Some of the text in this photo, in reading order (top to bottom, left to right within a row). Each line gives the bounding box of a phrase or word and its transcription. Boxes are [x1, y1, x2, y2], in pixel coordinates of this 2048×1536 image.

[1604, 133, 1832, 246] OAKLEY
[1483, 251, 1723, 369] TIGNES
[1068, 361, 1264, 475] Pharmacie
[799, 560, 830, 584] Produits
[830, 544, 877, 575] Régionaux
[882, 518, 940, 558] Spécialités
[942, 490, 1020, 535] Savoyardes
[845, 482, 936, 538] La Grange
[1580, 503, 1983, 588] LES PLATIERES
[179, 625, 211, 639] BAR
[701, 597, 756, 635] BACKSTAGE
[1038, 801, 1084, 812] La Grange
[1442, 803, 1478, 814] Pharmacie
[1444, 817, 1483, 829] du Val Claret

==

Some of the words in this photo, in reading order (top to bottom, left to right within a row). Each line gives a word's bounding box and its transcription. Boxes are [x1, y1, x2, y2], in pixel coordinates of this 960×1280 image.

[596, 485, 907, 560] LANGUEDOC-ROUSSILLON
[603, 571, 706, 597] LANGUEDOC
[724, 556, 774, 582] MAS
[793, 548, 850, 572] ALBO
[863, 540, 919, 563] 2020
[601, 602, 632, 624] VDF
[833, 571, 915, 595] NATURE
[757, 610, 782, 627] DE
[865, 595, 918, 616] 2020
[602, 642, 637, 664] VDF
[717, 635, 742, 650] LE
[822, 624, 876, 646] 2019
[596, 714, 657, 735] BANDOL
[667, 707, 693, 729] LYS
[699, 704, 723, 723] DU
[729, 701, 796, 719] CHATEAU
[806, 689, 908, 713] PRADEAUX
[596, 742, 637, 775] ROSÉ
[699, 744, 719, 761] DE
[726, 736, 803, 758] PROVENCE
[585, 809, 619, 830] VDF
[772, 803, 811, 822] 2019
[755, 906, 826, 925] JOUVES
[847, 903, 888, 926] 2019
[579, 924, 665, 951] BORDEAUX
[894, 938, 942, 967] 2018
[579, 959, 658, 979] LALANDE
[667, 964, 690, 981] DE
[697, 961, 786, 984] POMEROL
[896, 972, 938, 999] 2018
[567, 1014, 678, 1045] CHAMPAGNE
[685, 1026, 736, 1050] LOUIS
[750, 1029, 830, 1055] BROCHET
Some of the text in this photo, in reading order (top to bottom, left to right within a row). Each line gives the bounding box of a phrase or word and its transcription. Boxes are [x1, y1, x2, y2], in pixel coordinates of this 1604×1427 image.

...

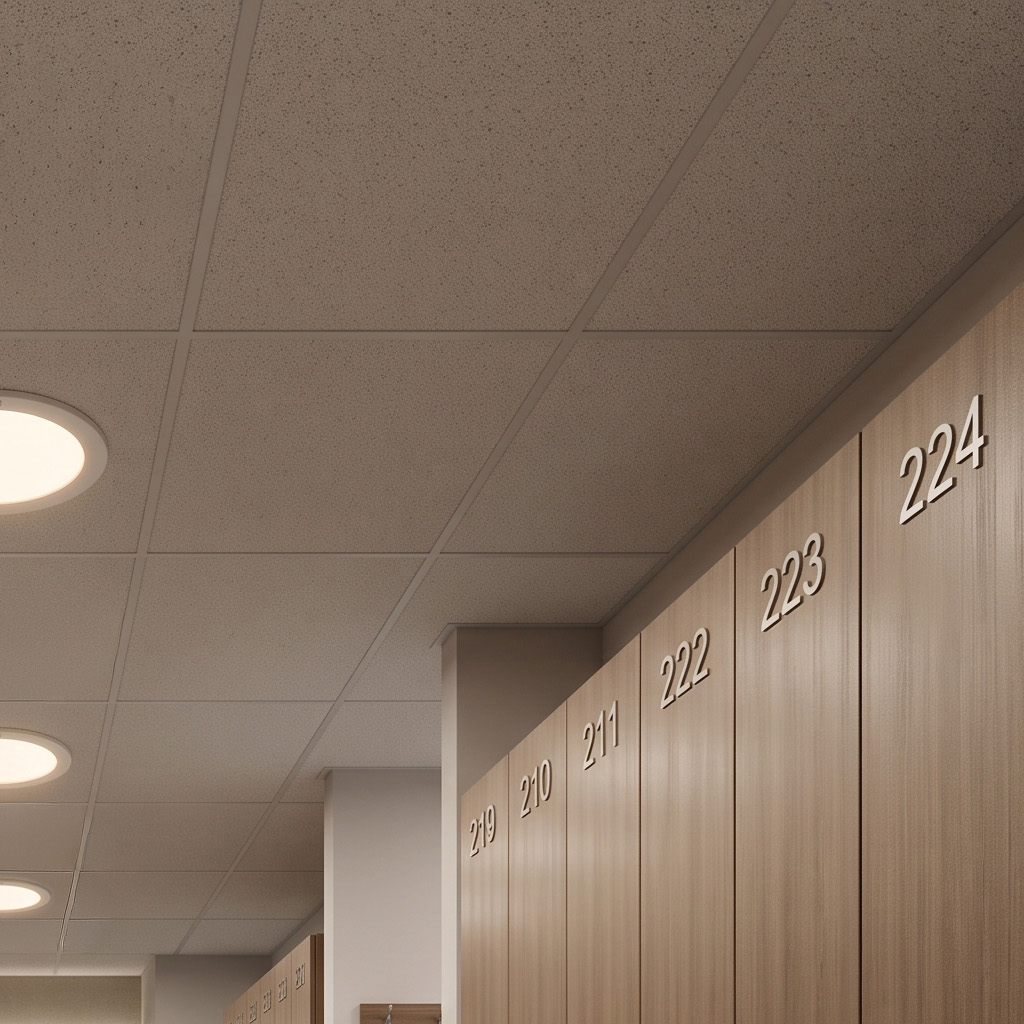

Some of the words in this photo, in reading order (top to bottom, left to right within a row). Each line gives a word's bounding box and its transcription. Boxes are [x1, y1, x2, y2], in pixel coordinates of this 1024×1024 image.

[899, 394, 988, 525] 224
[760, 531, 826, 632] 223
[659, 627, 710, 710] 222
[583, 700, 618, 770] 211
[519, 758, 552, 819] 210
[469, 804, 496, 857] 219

- Your task -
Print the lines above from the one with "this 960×1280 image." through the one with "this 1604×1427 image.", both included, exactly as written and nothing more.

- Written reply -
Some of the words in this photo, in reading order (top to bottom, left to right within a row). Each line gives a word's bounding box and its transcription. Boxes are [x1, y1, x2, y2], in pixel coordinates of this 960×1280 image.

[596, 485, 907, 560] LANGUEDOC-ROUSSILLON
[603, 571, 706, 597] LANGUEDOC
[724, 556, 774, 582] MAS
[793, 548, 850, 572] ALBO
[863, 540, 919, 563] 2020
[601, 602, 632, 624] VDF
[833, 571, 915, 595] NATURE
[757, 610, 782, 627] DE
[865, 595, 918, 616] 2020
[602, 642, 637, 664] VDF
[717, 635, 742, 650] LE
[822, 624, 876, 646] 2019
[596, 714, 657, 735] BANDOL
[667, 707, 693, 729] LYS
[699, 704, 723, 723] DU
[729, 701, 796, 719] CHATEAU
[806, 689, 908, 713] PRADEAUX
[596, 742, 637, 775] ROSÉ
[699, 744, 719, 761] DE
[726, 736, 803, 758] PROVENCE
[585, 809, 619, 830] VDF
[772, 803, 811, 822] 2019
[755, 906, 826, 925] JOUVES
[847, 903, 888, 926] 2019
[579, 924, 665, 951] BORDEAUX
[894, 938, 942, 967] 2018
[579, 959, 658, 979] LALANDE
[667, 964, 690, 981] DE
[697, 961, 786, 984] POMEROL
[896, 972, 938, 999] 2018
[567, 1014, 678, 1045] CHAMPAGNE
[685, 1026, 736, 1050] LOUIS
[750, 1029, 830, 1055] BROCHET
Some of the text in this photo, in reading order (top to bottom, left to right within a row). Each line gives the bounding box of a phrase or word and its transcription. Boxes are [x1, y1, x2, y2], in pixel coordinates of this 1604×1427 image.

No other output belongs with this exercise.